# [DESCRIPTION OF THE TASK]
All lines below must be repeated exactly, with the pictures omitted.

*** EXCERPTED DATA Section Begins ***

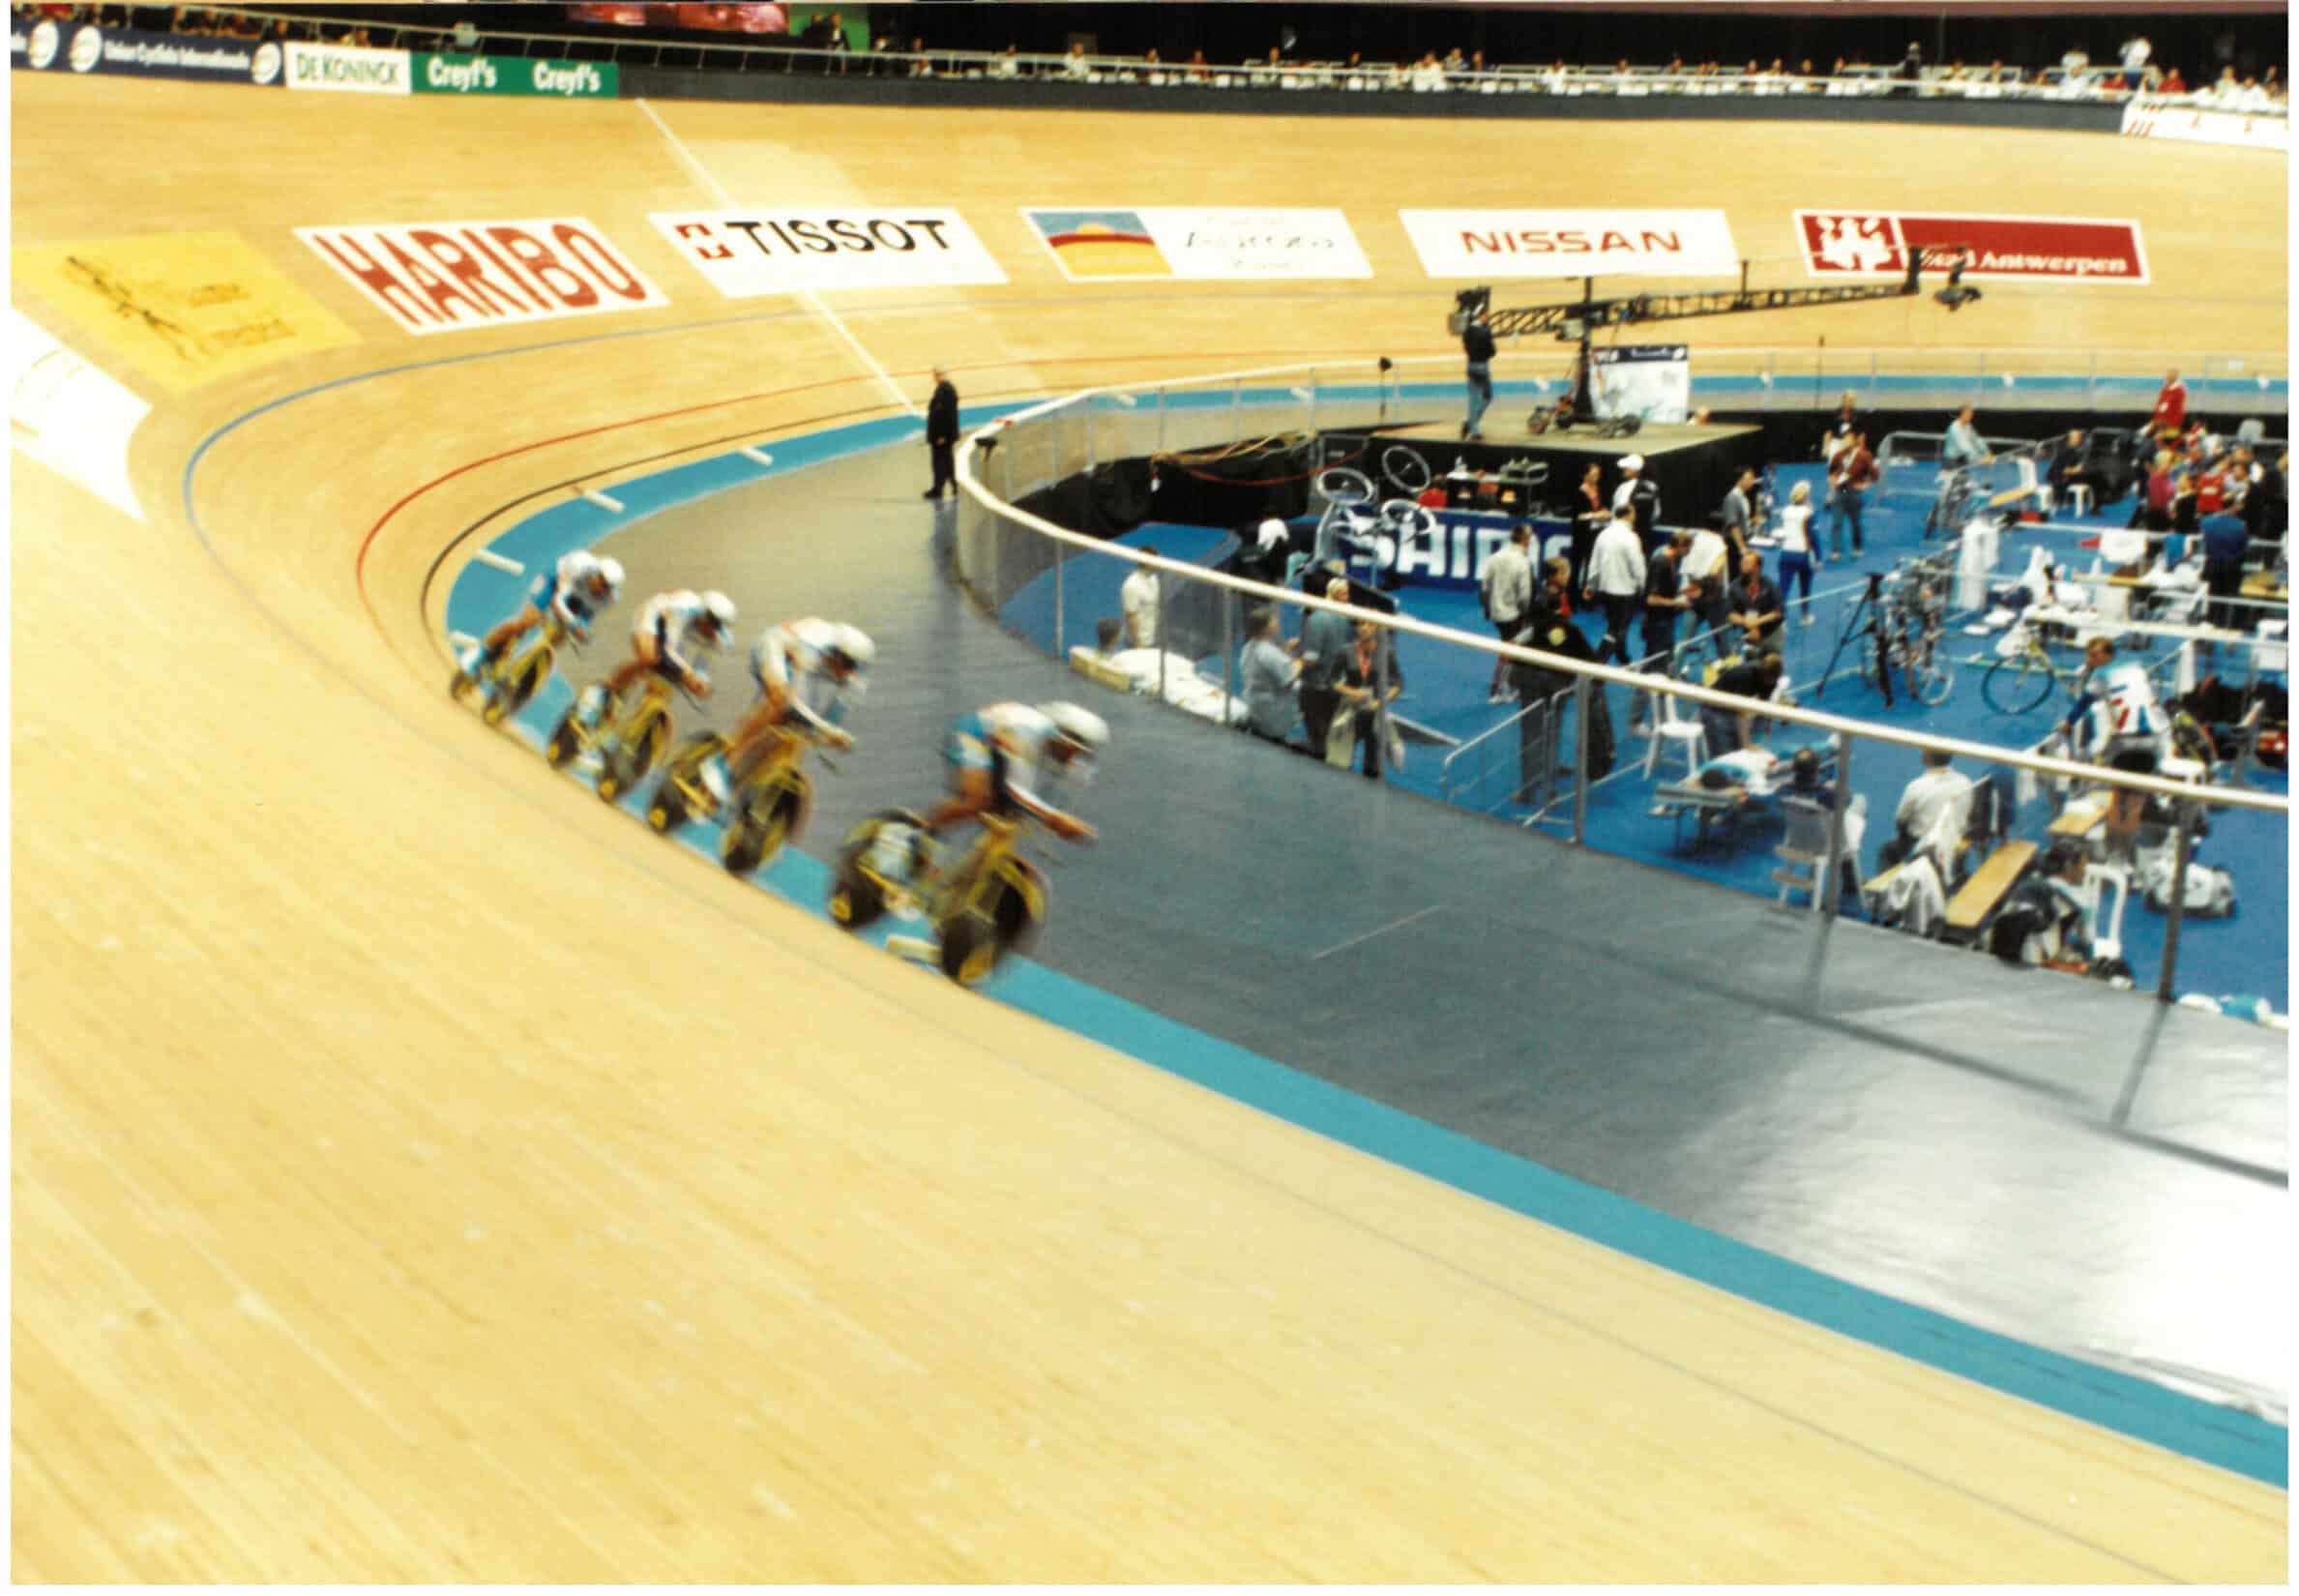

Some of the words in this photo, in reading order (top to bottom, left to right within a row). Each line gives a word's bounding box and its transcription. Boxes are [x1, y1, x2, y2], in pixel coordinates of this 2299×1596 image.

[295, 52, 315, 79] DE
[317, 52, 399, 84] KONINCK
[724, 220, 950, 255] TISSOT
[1459, 230, 1682, 253] NISSAN
[312, 223, 647, 325] HARIBO
[1980, 251, 2128, 276] Antwerpen
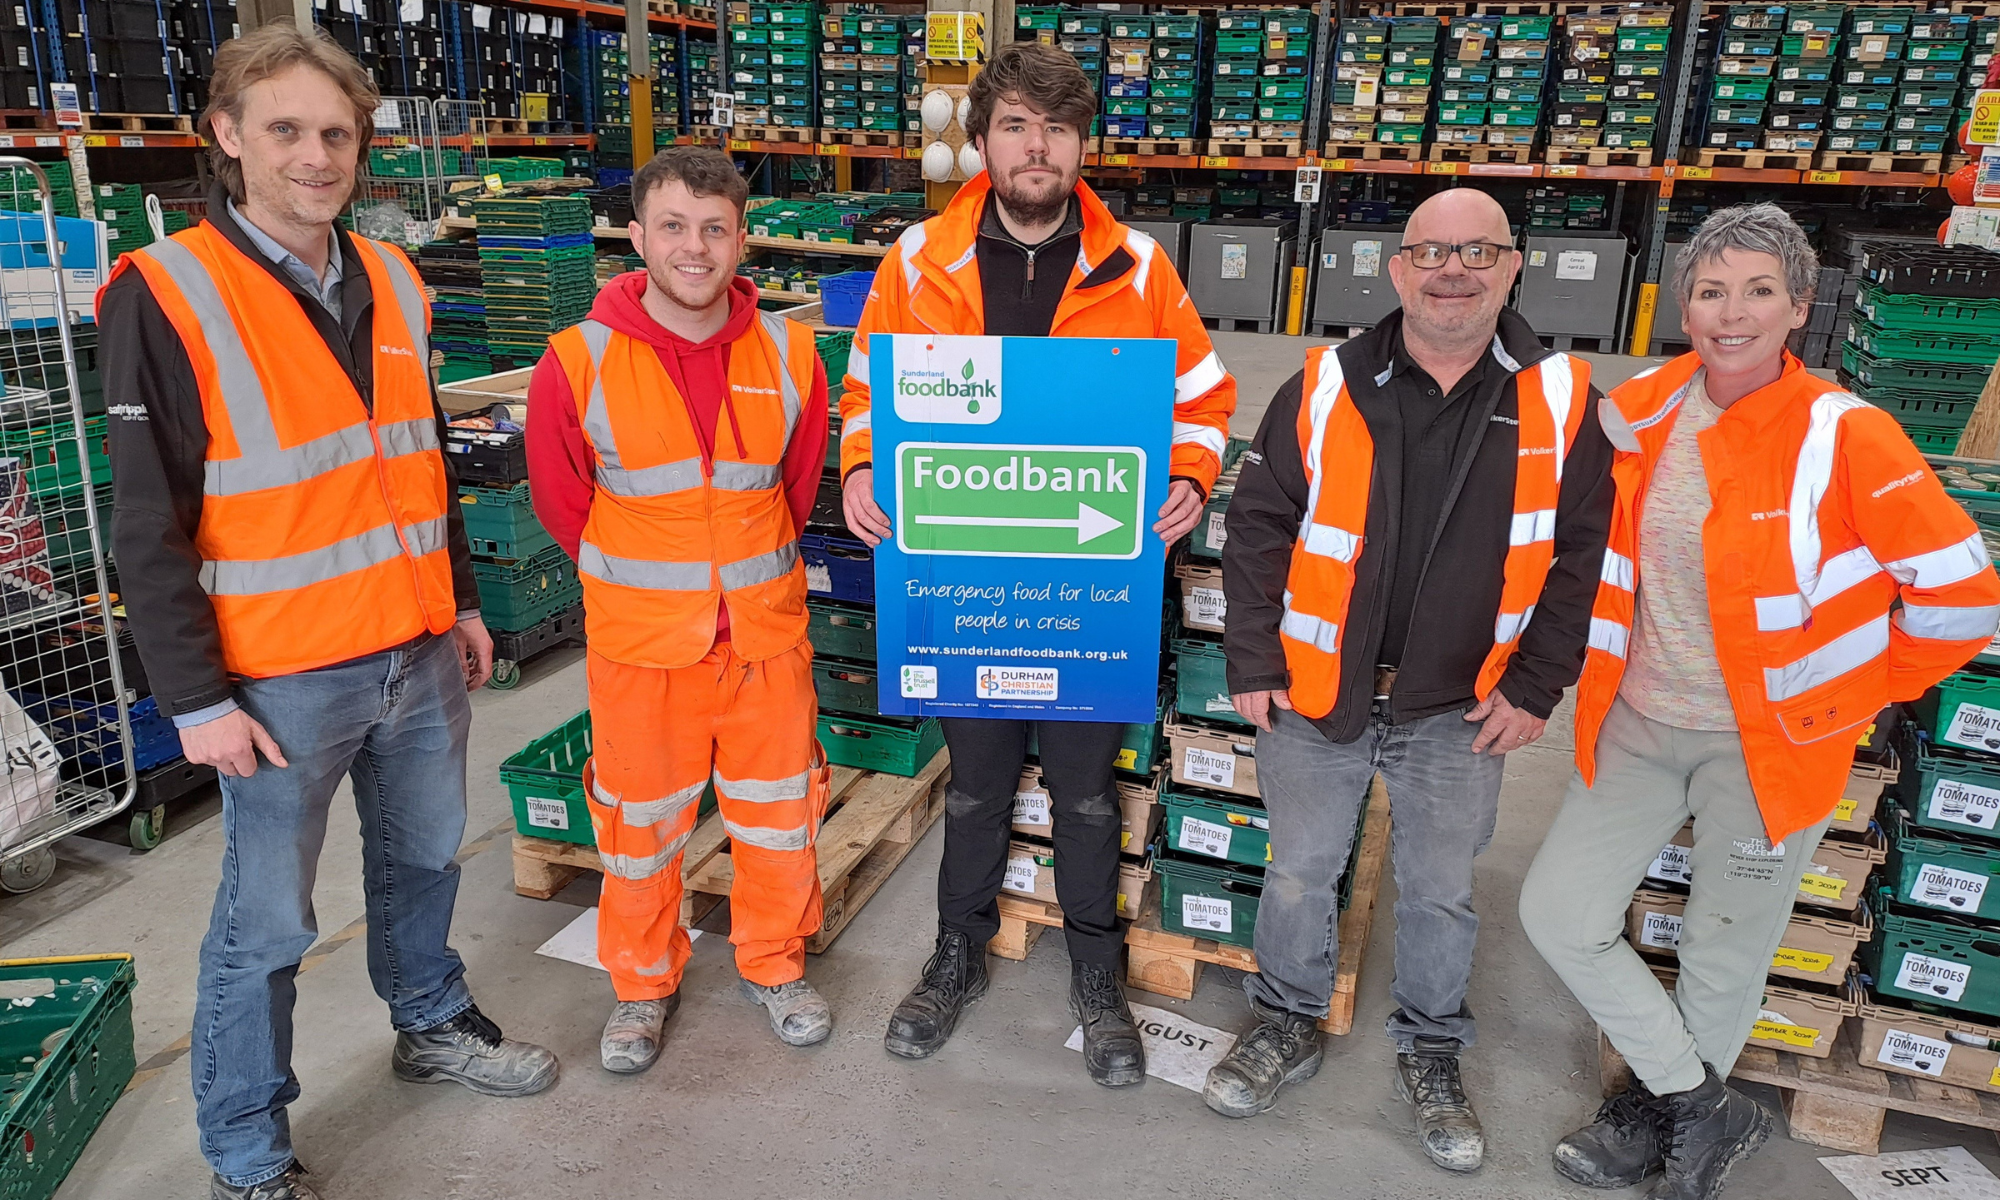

*** EXCERPTED DATA Section Ends ***

# [YOUR RESPONSE]
Some of the words in this photo, in reading order (top to bottom, left to right within a row). Each line gives a word's bounding box and its transcription. Boxes are [x1, y1, x2, y2], in pixel coordinates of this 2299×1596 image.

[295, 52, 315, 79] DE
[317, 52, 399, 84] KONINCK
[724, 220, 950, 255] TISSOT
[1459, 230, 1682, 253] NISSAN
[312, 223, 647, 325] HARIBO
[1980, 251, 2128, 276] Antwerpen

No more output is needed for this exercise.